Labour MPs are meeting to discuss the current political crisis surrounding the investigation into the murder of Daphne Caruana Galizia.

Tourism Minister Konrad Mizzi and the Prime Minister’s chief of staff Keith Schembri are under pressure over their links with suspect Yorgen Fenech. 

Party sources say that ministers almost unanimously agree that both men need to go or be removed for the government to function. 

Here’s what ministers said publicly on Monday morning and when asked by Times of Malta whether it is time for the two men to resign.

Labour MPs speak to reporters ahead of a parliamentary group meeting. Video: Matthew Mirabelli

Tourism Minister Konrad Mizzi

Dr Mizzi told reporters on Monday he had no intention of resigning. “I have nothing to do with this case. Why should I carry responsibility which is not associated with me?” Asked about whether Mr Schembri should resign, he said: “You should ask Keith Schembri. I will answer questions related to me.”

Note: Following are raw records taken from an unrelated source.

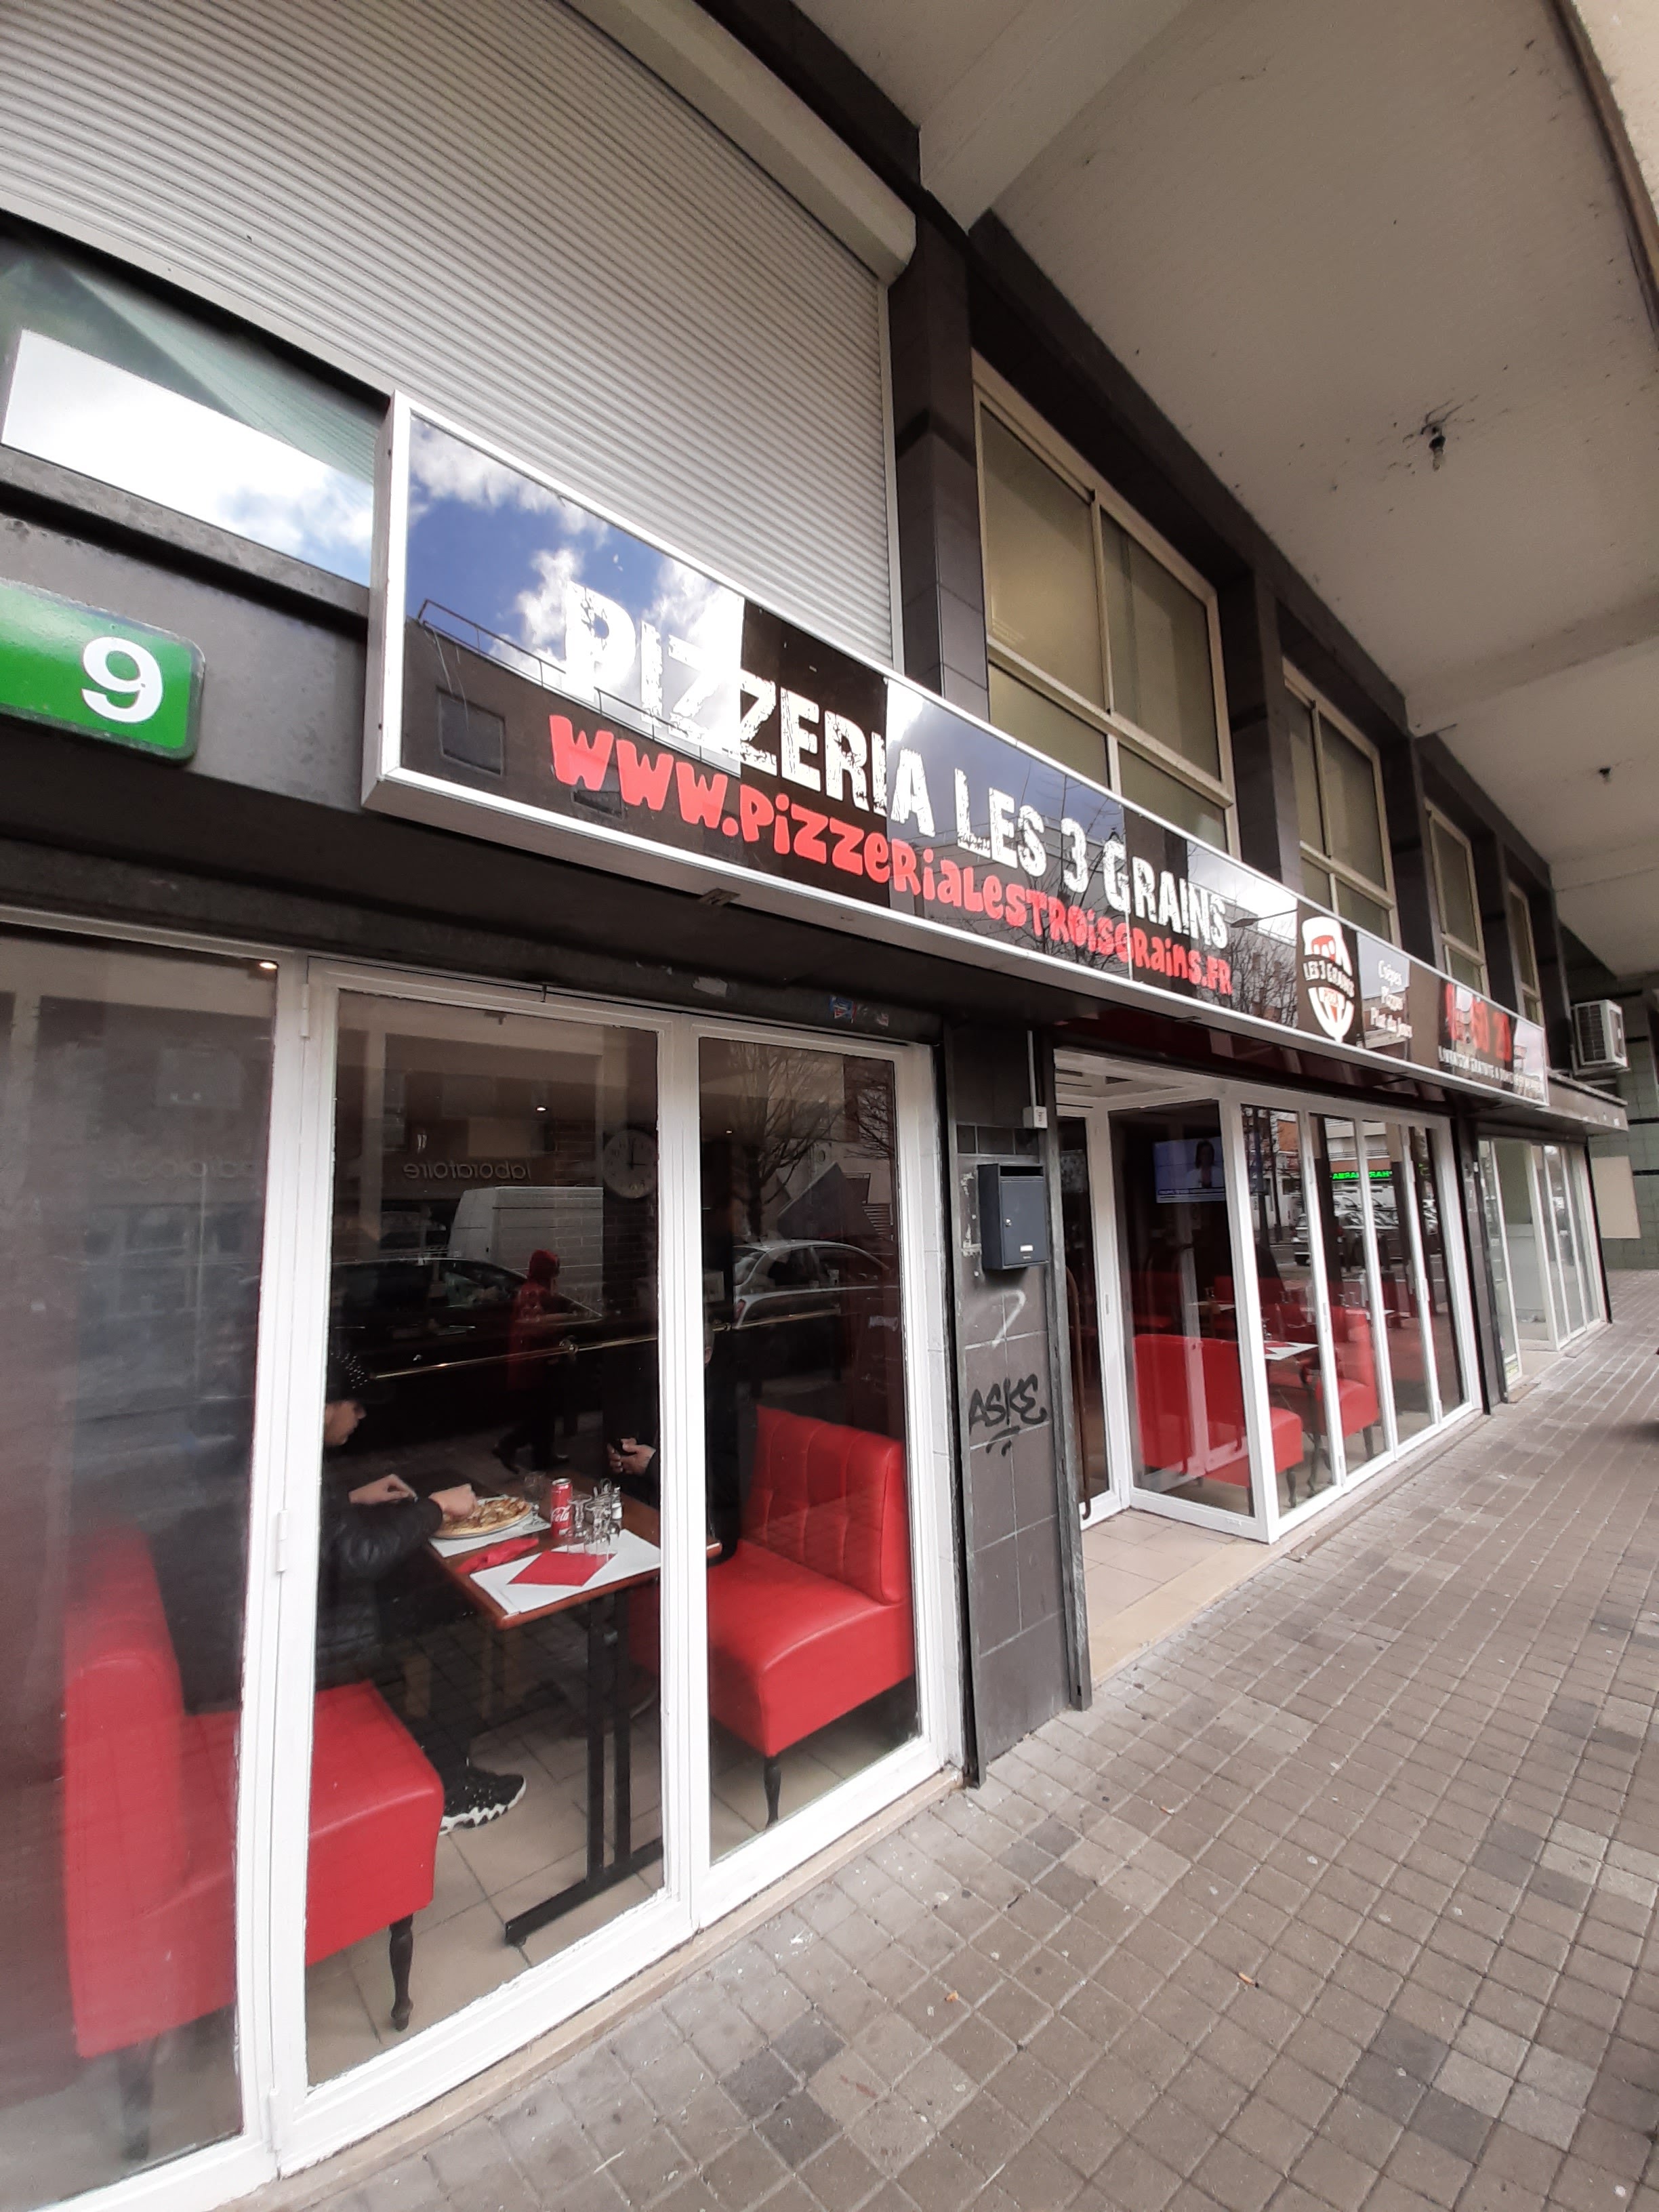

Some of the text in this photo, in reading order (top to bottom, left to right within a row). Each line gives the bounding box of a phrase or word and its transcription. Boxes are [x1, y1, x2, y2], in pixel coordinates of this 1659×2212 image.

[81, 636, 163, 723] 9
[564, 581, 1229, 949] PIZZERIA LES 3 GRAINS
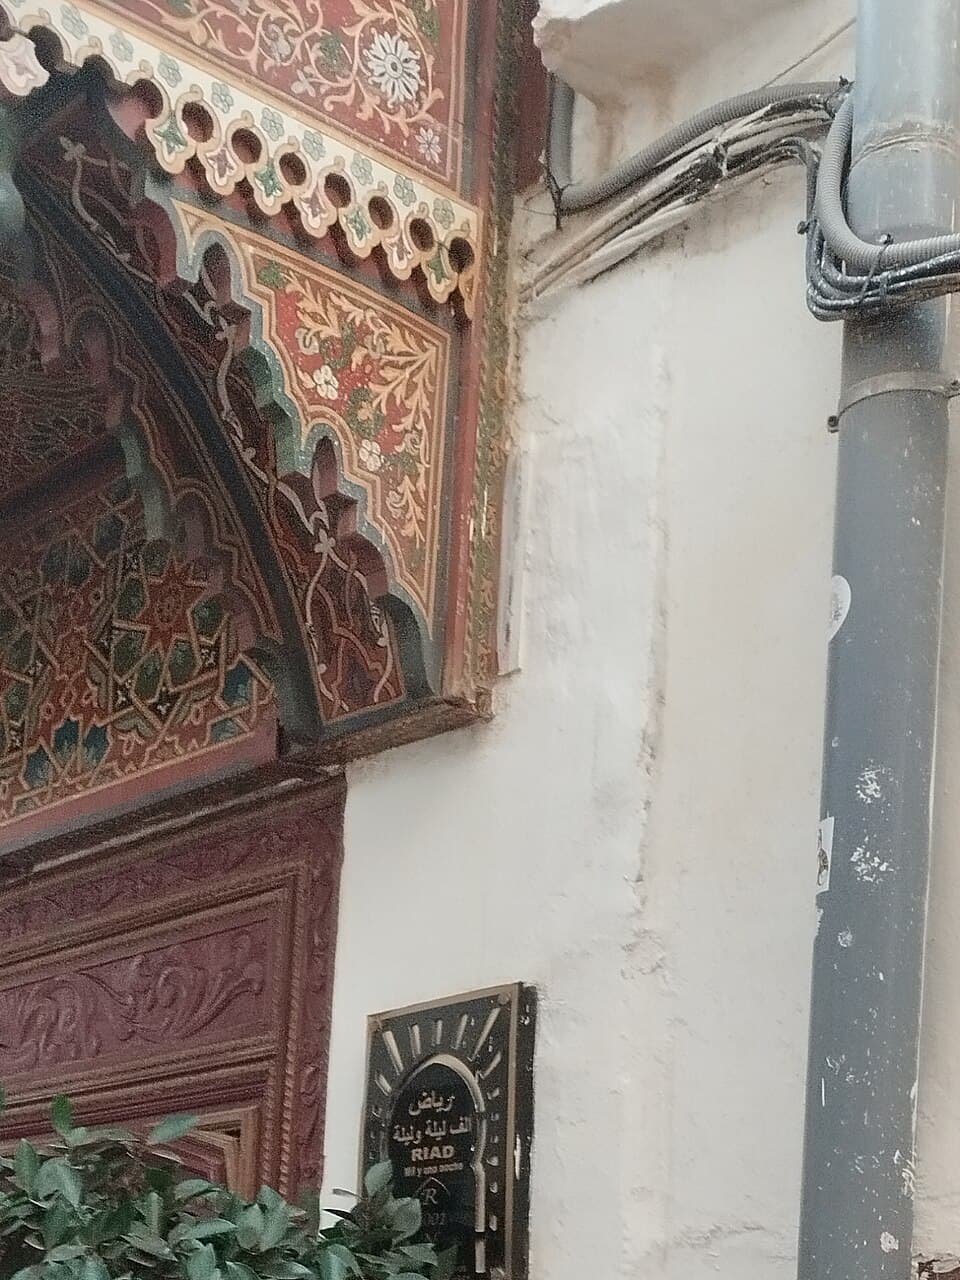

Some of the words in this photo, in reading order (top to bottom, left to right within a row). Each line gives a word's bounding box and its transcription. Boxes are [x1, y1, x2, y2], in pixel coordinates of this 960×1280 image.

[408, 1090, 456, 1116] رياض
[425, 1119, 447, 1141] ليلة
[411, 1144, 455, 1162] RIAD
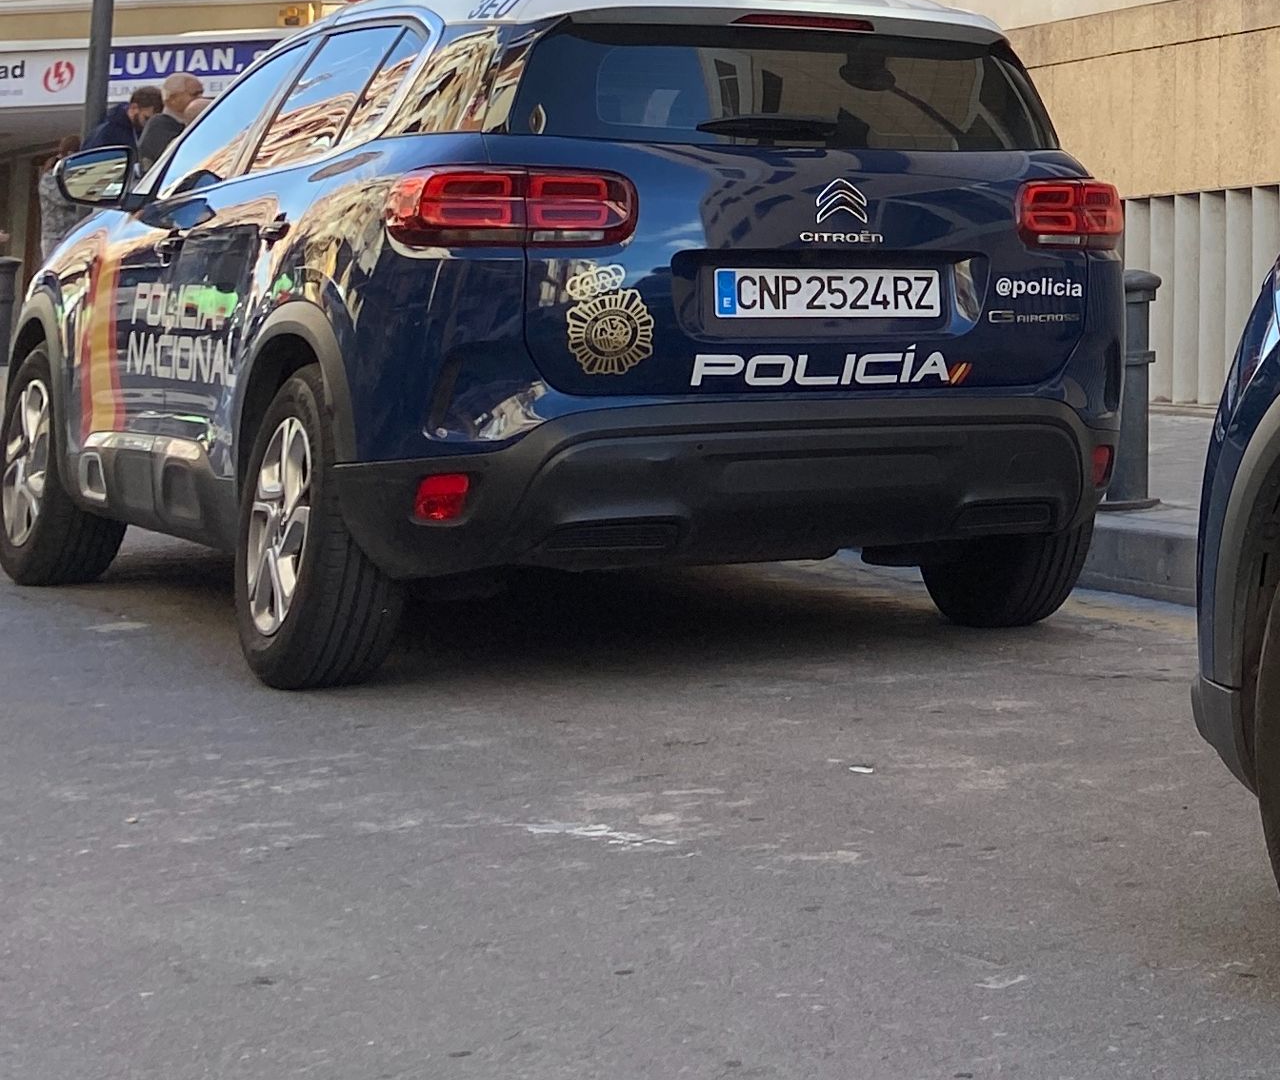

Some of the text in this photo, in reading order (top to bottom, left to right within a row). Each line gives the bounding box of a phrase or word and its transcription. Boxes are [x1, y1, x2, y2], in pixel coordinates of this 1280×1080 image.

Education Minister Evarist Bartolo

In a forthright post on Facebook, Mr Bartolo likened the Labour Party to a tree that was “bigger than any of its branches” and needed to be trimmed of both men
"Konrad Mizzi and Keith Schembri can choose to resign in the interests of the people for whom the Labour Party was formed. Otherwise, the Labour Party needs to take care of the tree lest it all wither and die. It needs to act before it is too late."

Parliamentary Secretary Aaron Farrugia

Mr Farrugia remained tightlipped when asked twice by reporters if he would back the Education Minister’s call for the two men to resign: “I will make my views known within meetings in my own party.” 

Robert Abela, MP

Dr Abela said that nobody was comfortable with the situation but did not elaborate.

"I’ll say what I have to in the parliamentary group. I’m not comfortable with the situation. I don't think anyone is. I’m not saying I don’t agee with Evarist Bartolo. I’m saying what I say I’ll say in the meeting. I have a lot to say and I’ll say it in the meeting."

Justice Minister Owen Bonnici

Dr Bonnici avoided the question about whether the two men should go. "We have rule of law, not rule of the mob," he said. On the Prime Minister, Joseph Muscat, Dr Bonnici added: "I have full faith in the Prime Minister. He has shown impeccable leadership."

Environment Minister Jose Herrera

Suggesting he might make his views known imminently he said: "It will soon be the time to comment." He acknowledged he was being "cautious in his words. "I’m looking at things very closely."

Home Affairs Minister Michael Farrugia

Echoing Dr Bonnici's words, Dr Farrugia said he had "faith in the Prime Minister" and that he was doing "impeccable work."

"The most important thing is the institutions do their work and are allowed to do their work."

Government Whip Byron Camilleri

"The most important thing is for the institutions to work."

Equality Minister Edward Zammit Lewis

"We’re having a healthy discussion as always. It’s important we have justice for everyone, for international perception of our reputation. I trust the Prime Minister to take the decision he needs to take after listening to us."

Deputy Prime Minister Chris Fearne

The Health Minister declined to say whether he believed the government could continue to function while the two men remained in office.

“This government has a strong electoral mandate and I believe it will carry that out. This does not mean that we will be discarding political responsibility."

Family Minister Michael Falzon

Like most of the MPs questioned, he avoided answering the question, focusing his reply on the Prime Minister.

"I have absolute trust in the Prime Minister," he said, and pointed to the party's majority in government. Pressed about whether Mr Schembri and Minister Mizzi should resign, he simply waved his hand.